King Philip spoke soothingly: “Come, bind up your hairs.”

“Yes, that I will. I envy their liberty, and will again commit them to their bonds, because my poor child is a prisoner.” When the lady began to put up her unruly locks, it became obvious to all that she knew not the first thing about hairdressing. I covered the awkwardness by pacing, like a princess striving to remember herself even as her hands forgot the simplest task. My steps took me far left, where the second gallery swings so close to the stage that patrons therein are all but sitting on it. “… and so he'll die; and rising so again, when I shall meet him in the court of heaven I shall not know him …”

An experienced actor can risk looking directly at the audience, and even addressing them in asides.
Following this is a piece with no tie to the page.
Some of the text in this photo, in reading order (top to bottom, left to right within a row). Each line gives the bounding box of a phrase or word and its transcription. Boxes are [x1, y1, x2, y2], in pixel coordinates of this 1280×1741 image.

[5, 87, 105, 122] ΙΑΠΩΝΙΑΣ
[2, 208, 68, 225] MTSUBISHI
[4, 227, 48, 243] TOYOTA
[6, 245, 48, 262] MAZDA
I did not dare, but nevertheless, while sweeping near-sightless eyes over the gallery, my gaze caught and stuck on one face: a face neither old nor young, with round eyes and a wide mouth, shadowed by the square brim of a scholar's cap.
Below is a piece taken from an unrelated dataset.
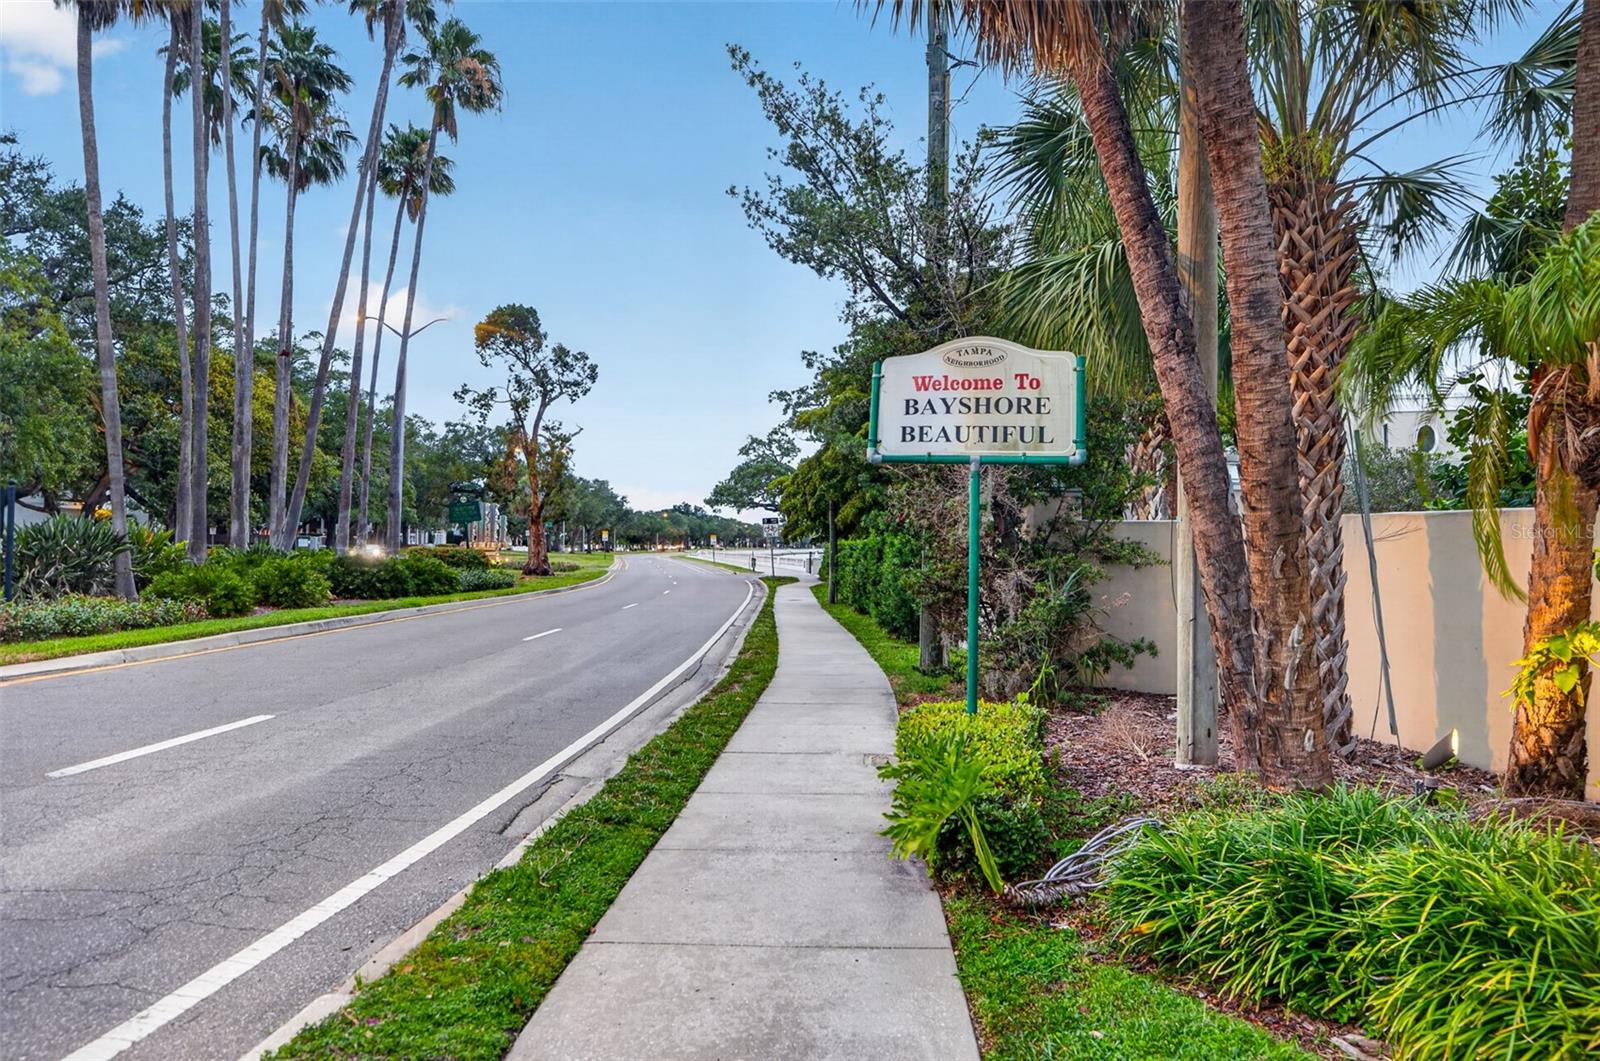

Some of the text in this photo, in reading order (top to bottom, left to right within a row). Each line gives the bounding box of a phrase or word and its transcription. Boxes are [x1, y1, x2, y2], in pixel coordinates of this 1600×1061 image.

“… Never, never, will I behold my pretty Arthur more—Oh!”

Martin Feather's law clerk and I recognized each other at the same time, and his body jerked, as though pulled by a string.
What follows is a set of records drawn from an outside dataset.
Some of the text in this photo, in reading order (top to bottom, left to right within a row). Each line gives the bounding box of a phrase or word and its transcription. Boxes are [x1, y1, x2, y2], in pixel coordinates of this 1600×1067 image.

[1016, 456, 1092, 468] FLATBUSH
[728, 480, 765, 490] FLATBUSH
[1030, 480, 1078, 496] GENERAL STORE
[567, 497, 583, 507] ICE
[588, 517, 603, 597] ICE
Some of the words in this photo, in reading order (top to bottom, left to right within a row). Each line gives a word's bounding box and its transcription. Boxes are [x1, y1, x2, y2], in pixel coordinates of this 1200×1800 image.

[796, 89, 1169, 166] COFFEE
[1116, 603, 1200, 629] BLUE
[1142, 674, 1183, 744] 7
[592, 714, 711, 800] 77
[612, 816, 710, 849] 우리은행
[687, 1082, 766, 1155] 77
As for me, I forgot the rest of that speech.

I paced back to the center of the stage wringing my hands and crying out “Oh! Oh!” while one of the men reproached me: “You hold too heinous a respect of grief.”

“He talks to me that never had a son,” I snapped—remembering that line at the last moment. I turned back to the gallery, in time to see the clerk stepping over the feet of patrons as he worked his way out of the row. The tassel of his cap swung from side to side—his right side, though I recalled Master Will telling me that clerks always wore theirs on the left.

King Philip: “You are as fond of grief as of your child.”

Constance: “Grief … grief fills the room of my absent child! It … it lies in his bed, walks up and down with me. Up and down … up and down …” Here memory failed me as I walked up and down, and my eyes strayed to that spot in the second gallery, now empty. It was no use, and my exit almost due anyway: with one more “Up and down,” I gave it up and left the stage.

King Philip then stated a fear that Constance might do harm to herself, and followed directly. “By heaven, Richard,” said Master Condell, once we were clear off, “that was
well done
. Thou hast caught it, lad; I know not how, but well done.”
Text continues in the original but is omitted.